Dużo osób zadawało i nadal zadaje mi pytanie, dlaczego zostałem dietetykiem? Jeżeli moje wcześniejsze podejście do życia było zgoła odmienne względem dzisiejszej sytuacji :) Moja przygoda z dietetyką a właściwie z dietą rozpoczęła się ponad 9 lat temu :) To spory kawał czasu, to jest prawie jedna trzecia mojego życia :D Ogólnie dietetyk nie powinien pisać, a wręcz wspominać o tym, że sam kiedyś w przeszłości borykał się z problemem żywienia, to takie nieprofesjonalne :)

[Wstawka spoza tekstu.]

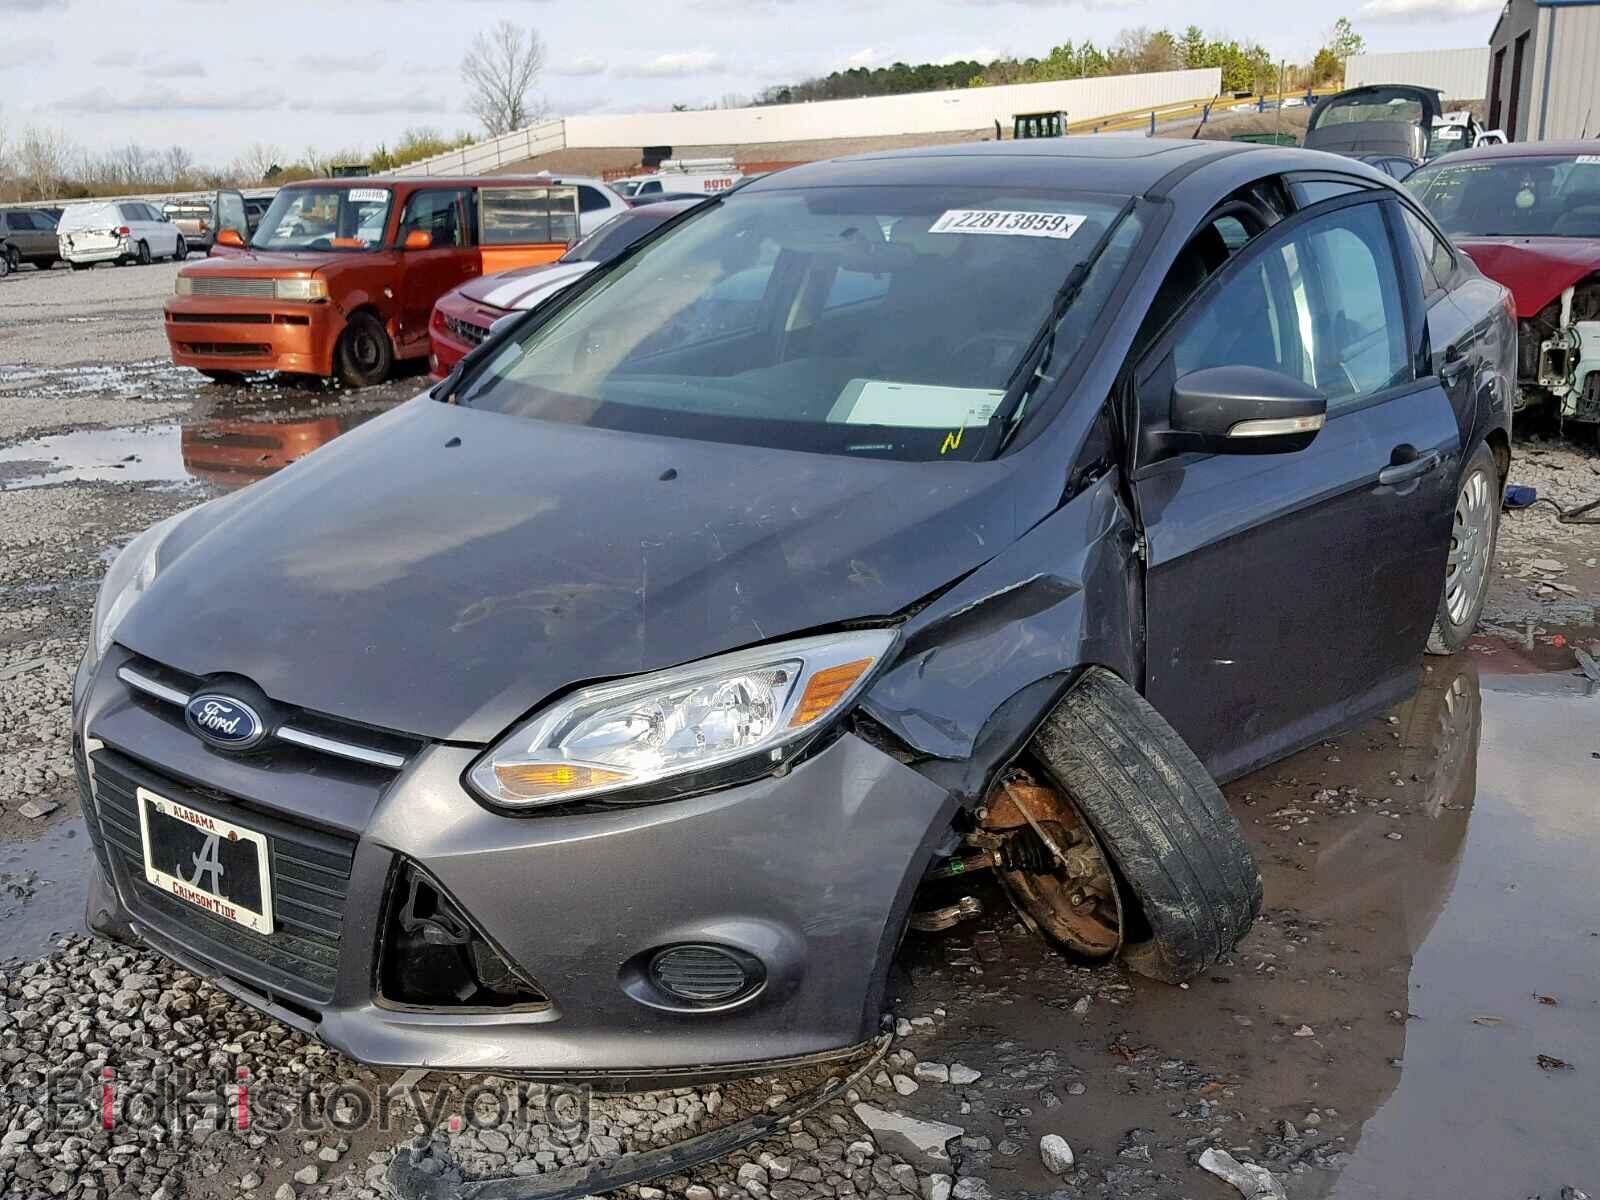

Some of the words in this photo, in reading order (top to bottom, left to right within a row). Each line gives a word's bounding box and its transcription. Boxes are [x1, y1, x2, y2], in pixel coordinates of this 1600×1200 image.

[704, 178, 733, 189] ROTO
[198, 701, 241, 735] Ford
[173, 806, 217, 832] ALABAMA
[172, 881, 214, 909] CRIMSON
[213, 900, 237, 920] TIDE

W pierwszej dekadzie i jak na poczatku drugiej dekady XXI wieku nie było wielu specjalistów z dietetyki, którzy by pomagali w walce z nadwagą czy otyłością, ponieważ dietetyka jako mała dziedzina medycyny w naszym kraju dopiero co raczkowała, była tylko dostępna w lecznictwie szpitalnym. Ja tak jak inne osoby borykające się z wielkim bagażem wagi, szukałem informacji wtedy jeszcze popularnych forach dyskusyjnych ;) Sam miałem przeświadczenie, na czym polega mój problem :) Zmieniłem podejście do życia z trybu kanapowego leniucha na aktywnego człowieka. Jak to się mówi: udało się ;) Nawet moja Pani doktor pochwaliła za to, że zmniejszyłem swoją wagę :) Nawet moje wyniki badań laboratoryjnych jak to uznała Pani doktor były "piękne" :) Kiedy szedłem ulicą ludzie, bliscy mi znajomi mnie nie rozpoznawali :D, a potem się dziwili- "To naprawdę ty", bo ciągle pamiętali mnie sprzed przemiany :) Cieszyłem się sobą i życiem, które sobie mijało :) Ale wtedy jeszcze nie myślałem, że kiedykolwiek w przyszłości będę dietetykiem :) Na tam ten moment temat dietetyki został zamknięty w 2011 roku :) Żyłem swoim życiem i za "namową" poszedłem sobie wtedy na studia na kierunku turystyka i rekreacja na UŁ. W roku 2011 wybór studiów w moim przekonaniu na początku był trafiony, ale z biegiem czasu odczułem, że był to wybór nietrafiony. Wcześniej fascynowałem się podróżami, budowlami, historia danych miejsc, ale ciągle irytowało mnie, że na zajęciach musieliśmy poświęcać dużo uwagi rzeczom, które musieliśmy się kuć na blachę. Po roku zrezygnowałem z tych studiów i wtedy pomyślałem sobie o dietetyce :) Ciągle mi towarzyszyła więc czemu nie pójść jej studiować? Lubię gotować :) No cóż, można połączyć przyjemnego z pożytecznym :) Zmiana kierunku studiów nastąpiła w 2012 roku.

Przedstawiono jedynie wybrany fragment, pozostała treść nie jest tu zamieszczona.